(TASK STATEMENT):
Repeat the data below in full and exactly.
● ● ● ● ● ● ●
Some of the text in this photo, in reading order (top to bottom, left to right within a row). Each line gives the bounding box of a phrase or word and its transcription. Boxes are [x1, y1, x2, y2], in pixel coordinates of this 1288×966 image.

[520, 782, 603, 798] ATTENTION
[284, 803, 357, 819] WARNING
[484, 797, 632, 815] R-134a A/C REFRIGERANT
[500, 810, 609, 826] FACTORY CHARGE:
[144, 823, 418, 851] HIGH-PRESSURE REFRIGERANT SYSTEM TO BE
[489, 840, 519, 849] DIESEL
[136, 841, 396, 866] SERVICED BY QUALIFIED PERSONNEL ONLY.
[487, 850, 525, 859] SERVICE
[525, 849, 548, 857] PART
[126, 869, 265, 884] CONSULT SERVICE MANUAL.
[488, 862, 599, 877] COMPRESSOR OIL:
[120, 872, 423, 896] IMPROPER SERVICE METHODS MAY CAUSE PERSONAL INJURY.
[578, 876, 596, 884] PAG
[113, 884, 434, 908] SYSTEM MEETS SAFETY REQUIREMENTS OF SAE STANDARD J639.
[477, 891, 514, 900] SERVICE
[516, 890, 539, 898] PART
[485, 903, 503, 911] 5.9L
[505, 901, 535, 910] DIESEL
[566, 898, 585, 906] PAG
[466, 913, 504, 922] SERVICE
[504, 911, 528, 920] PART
● ● ● ● ● ● ●
(TASK RESPONSE):
Some of the text in this photo, in reading order (top to bottom, left to right within a row). Each line gives the bounding box of a phrase or word and its transcription. Boxes are [x1, y1, x2, y2], in pixel coordinates of this 1288×966 image.

[520, 782, 603, 798] ATTENTION
[284, 803, 357, 819] WARNING
[484, 797, 632, 815] R-134a A/C REFRIGERANT
[500, 810, 609, 826] FACTORY CHARGE:
[144, 823, 418, 851] HIGH-PRESSURE REFRIGERANT SYSTEM TO BE
[489, 840, 519, 849] DIESEL
[136, 841, 396, 866] SERVICED BY QUALIFIED PERSONNEL ONLY.
[487, 850, 525, 859] SERVICE
[525, 849, 548, 857] PART
[126, 869, 265, 884] CONSULT SERVICE MANUAL.
[488, 862, 599, 877] COMPRESSOR OIL:
[120, 872, 423, 896] IMPROPER SERVICE METHODS MAY CAUSE PERSONAL INJURY.
[578, 876, 596, 884] PAG
[113, 884, 434, 908] SYSTEM MEETS SAFETY REQUIREMENTS OF SAE STANDARD J639.
[477, 891, 514, 900] SERVICE
[516, 890, 539, 898] PART
[485, 903, 503, 911] 5.9L
[505, 901, 535, 910] DIESEL
[566, 898, 585, 906] PAG
[466, 913, 504, 922] SERVICE
[504, 911, 528, 920] PART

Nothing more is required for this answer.